Fig. 1.

Topical exposure to 5-HT + N^ω-nitro-l-arginine methyl ester (l-NAME) maintains arteriolar constriction for 4 h and induces inward remodeling in vivo. A: normalized diameter of 1A cremaster feed arterioles (expressed as percent maximum passive diameter) in response to a 4-h exposure to the indicated vasoconstrictors. Data are expressed as means.
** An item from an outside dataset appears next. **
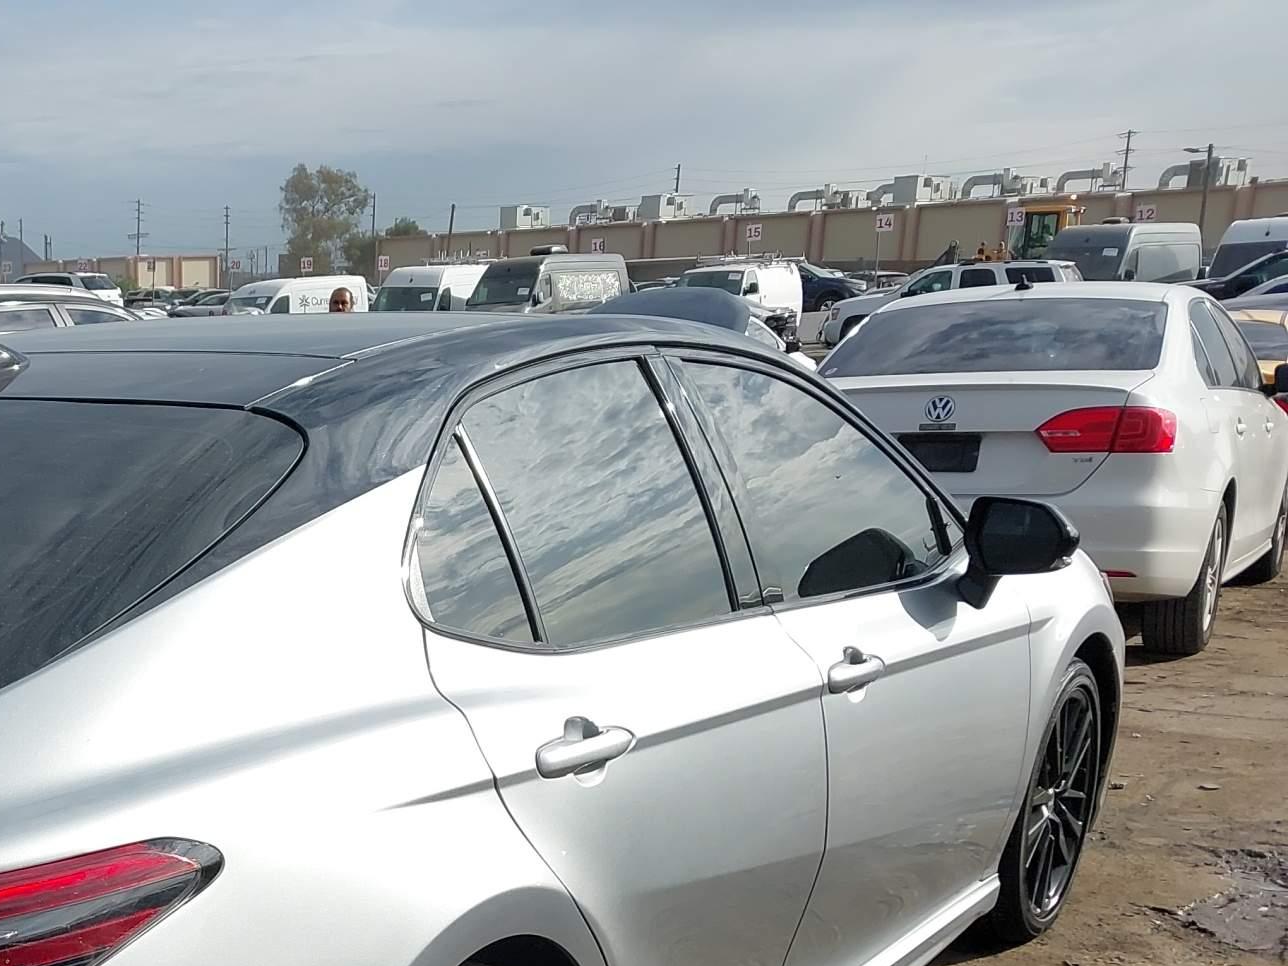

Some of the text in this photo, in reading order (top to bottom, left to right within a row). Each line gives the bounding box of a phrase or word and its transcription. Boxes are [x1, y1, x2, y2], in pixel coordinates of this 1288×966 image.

B: mean time for arterioles exposed to 10^−5.5 M norepinephrine (NE) + 10⁻⁷ M Ang II, 10^−5.5 M NE + 10⁻⁷ M Ang II + 10⁻⁴ M l-NAME, or 10^−5.5 M NE + 10⁻⁷ M Ang II + 5 × 10⁻⁵ M indomethacin (Indo) to return to maximum passive diameter while in the presence of the indicated vasoconstrictors. Data are expressed as means ± SE. C: normalized diameter of 1A cremaster feed arterioles (expressed as percent maximum passive diameter) in response to a 4-h exposure to 5-HT + l-NAME. Data are expressed as means ± SE. Remodeling is expressed as a percent reduction from the maximal passive diameter obtained before exposure to the vasoconstrictor agonists ± SE. For A–C, n = 4 for NE + Ang II, n = 3 for NE + Ang II + l-NAME and NE + Ang II + l-NAME + indomethacin, and n = 5 for 5-HT + l-NAME. Max, maximum; min, minutes.